And sure enough,  there the cute boy was. I waved. His face was blank. I waved some more. Still blank. At first I wasn’t sure if he was just pretending not to see me — after all, I was wearing a hot pink plaid headband and purple compression sleeves, how could he miss me — but when I realized he really didn’t see me I started yelling his name. Then, finally, he noticed me.

There I am.

A few minutes later I saw my mom on the other side of the road (by the way cute boy and mom, thanks for wearing bright green and bright pink) and she also didn’t see me. I started waving and screaming “MOM! MOM!” But I am invisible. The guy next to me helped with the yelling: “MOM!!!”

And then my mom saw me. And I was happy. For about 30 seconds, because then the side stitch/ribcage pain that killed me during a four-mile race a few weeks ago began.

I think it was all the yelling that did it. Yelling the cute boy’s name, yelling Mom . . . it caused something (diaphragm?) to spasm.

The race became a whole lot more difficult.

The pain was brutal and even though I was not far from the finish, I knew the last few miles would feel the longest. I was already missing what a great time I had just moments before, missing how easy it was to run.

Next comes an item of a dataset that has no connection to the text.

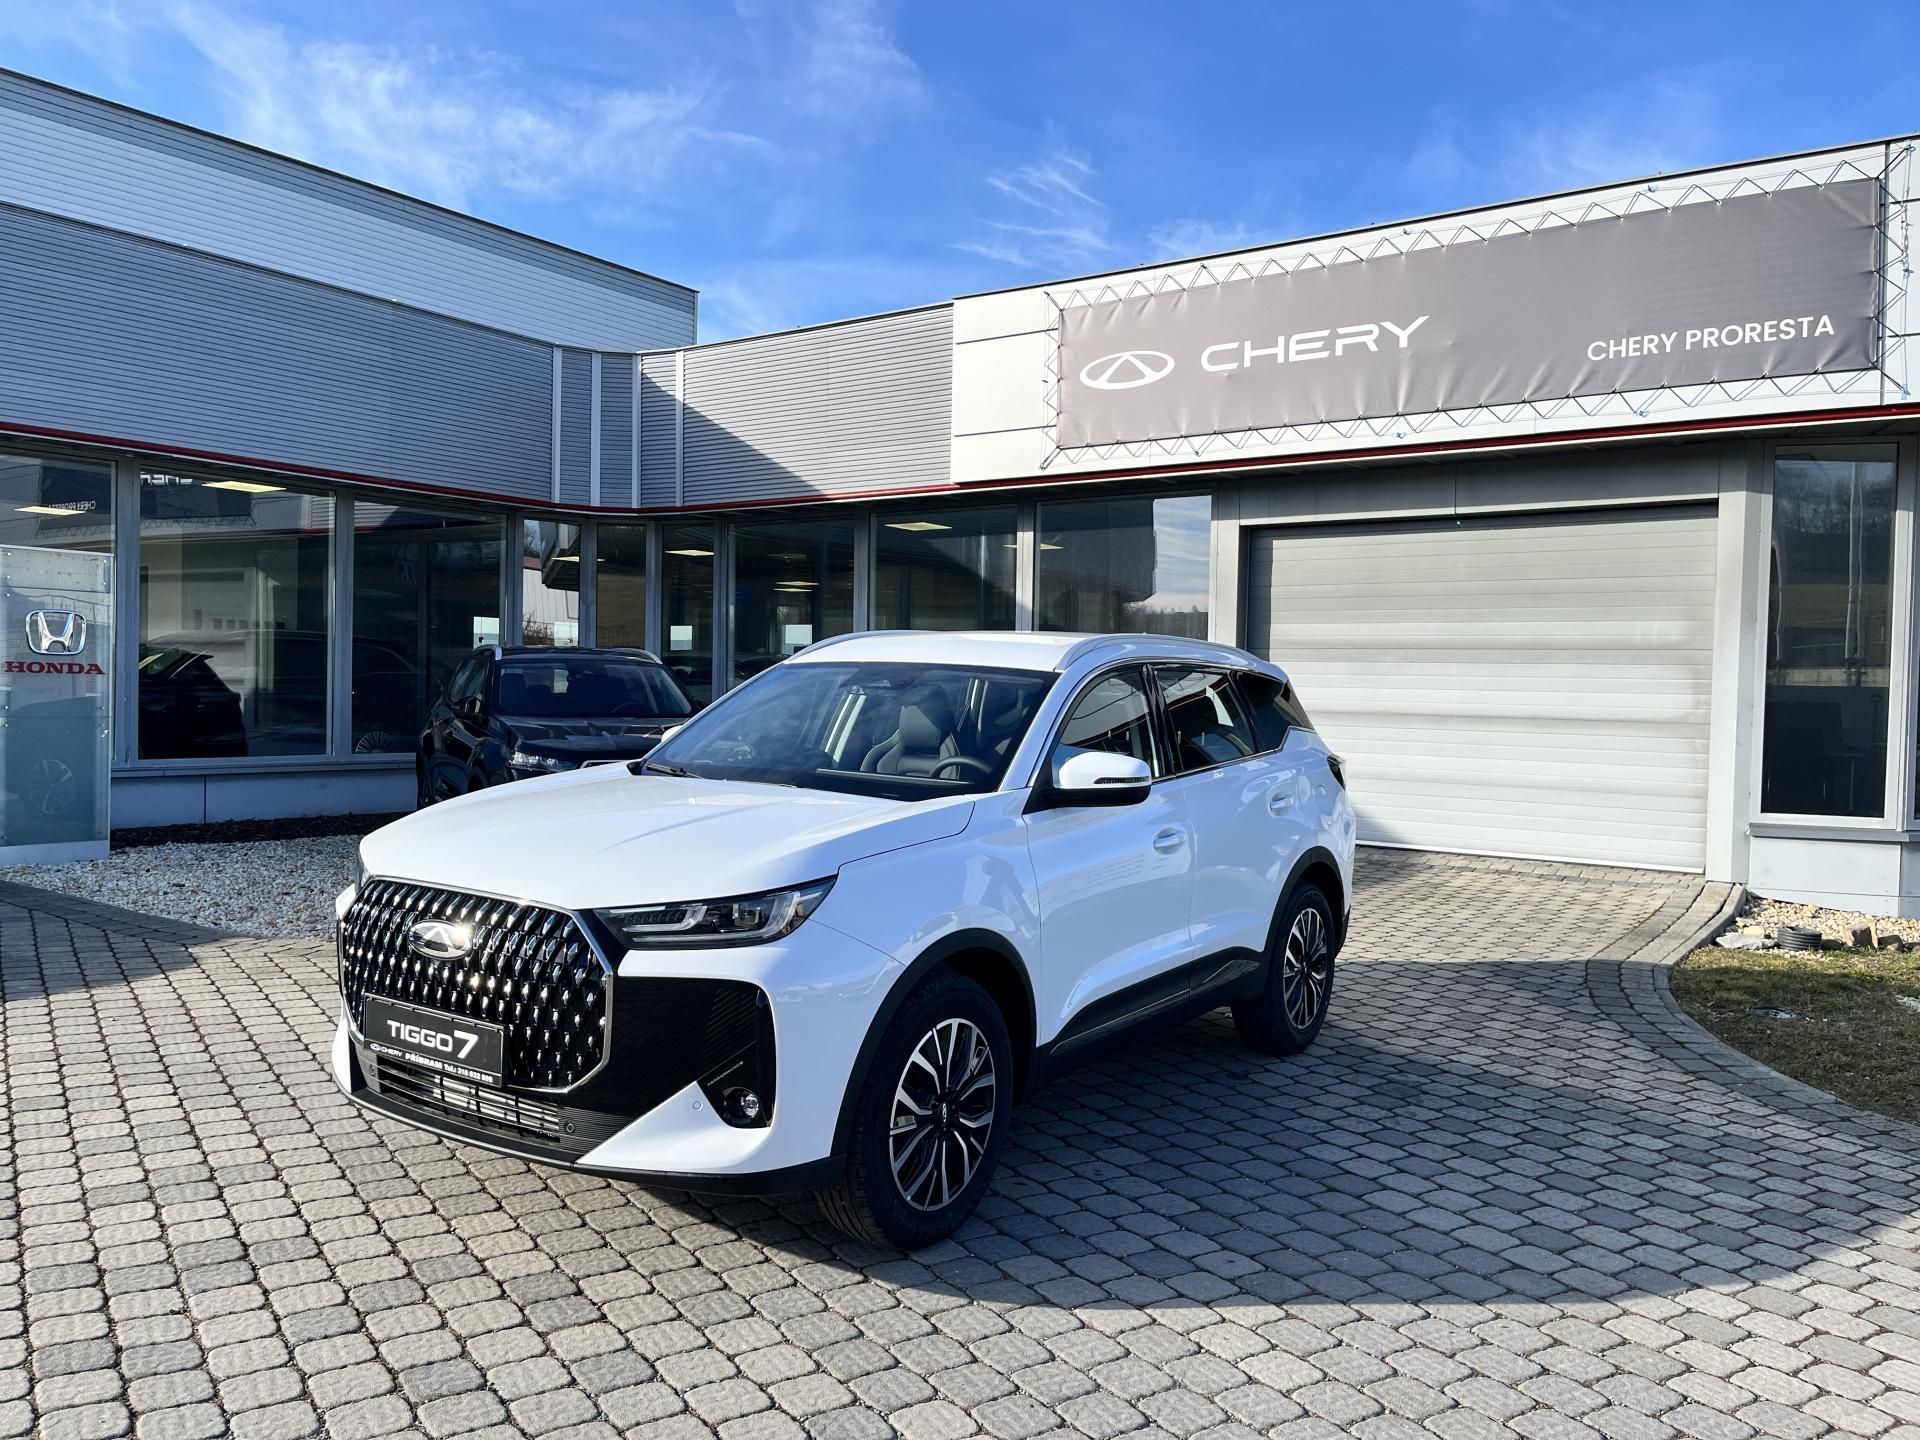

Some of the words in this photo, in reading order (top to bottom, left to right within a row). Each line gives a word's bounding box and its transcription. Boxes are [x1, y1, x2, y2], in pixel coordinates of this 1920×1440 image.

Ow ow ow ow ow. I stopped noticing my music, and when that happens it is usually very hard to come back. But I just did not want to lose my pace. I was so close.

So I held it.

On our second loop around the lake, the sun was out in full force. For the first time, I felt hot. I was ready to be done. The hill after the lake, a highway overpass, didn’t seem so bad the first time early in the race. Now, this hill felt like the Harlem Hills in Central Park. I slowed a little but did not stop running. I was disappointed to see the photographer who was perched on the hill during the first lap, who I missed because I ran up the sidewalk rather than the street, was gone by this time.

We all know I love my race fotos.

At the 13 mile marker a volunteer was cheering. He said, “Make it your goal now to finish in under 2:10”

His words really hit home for me. For the last 5 miles or so, I had been looking at my watch, counting up by 10s and thinking if I maintained 1o minute miles for the rest of the race I could finish in under 2:10. But a sub-2:10 half was something I thought I would never see in my life. Sounds dramatic, but I’m totally serious.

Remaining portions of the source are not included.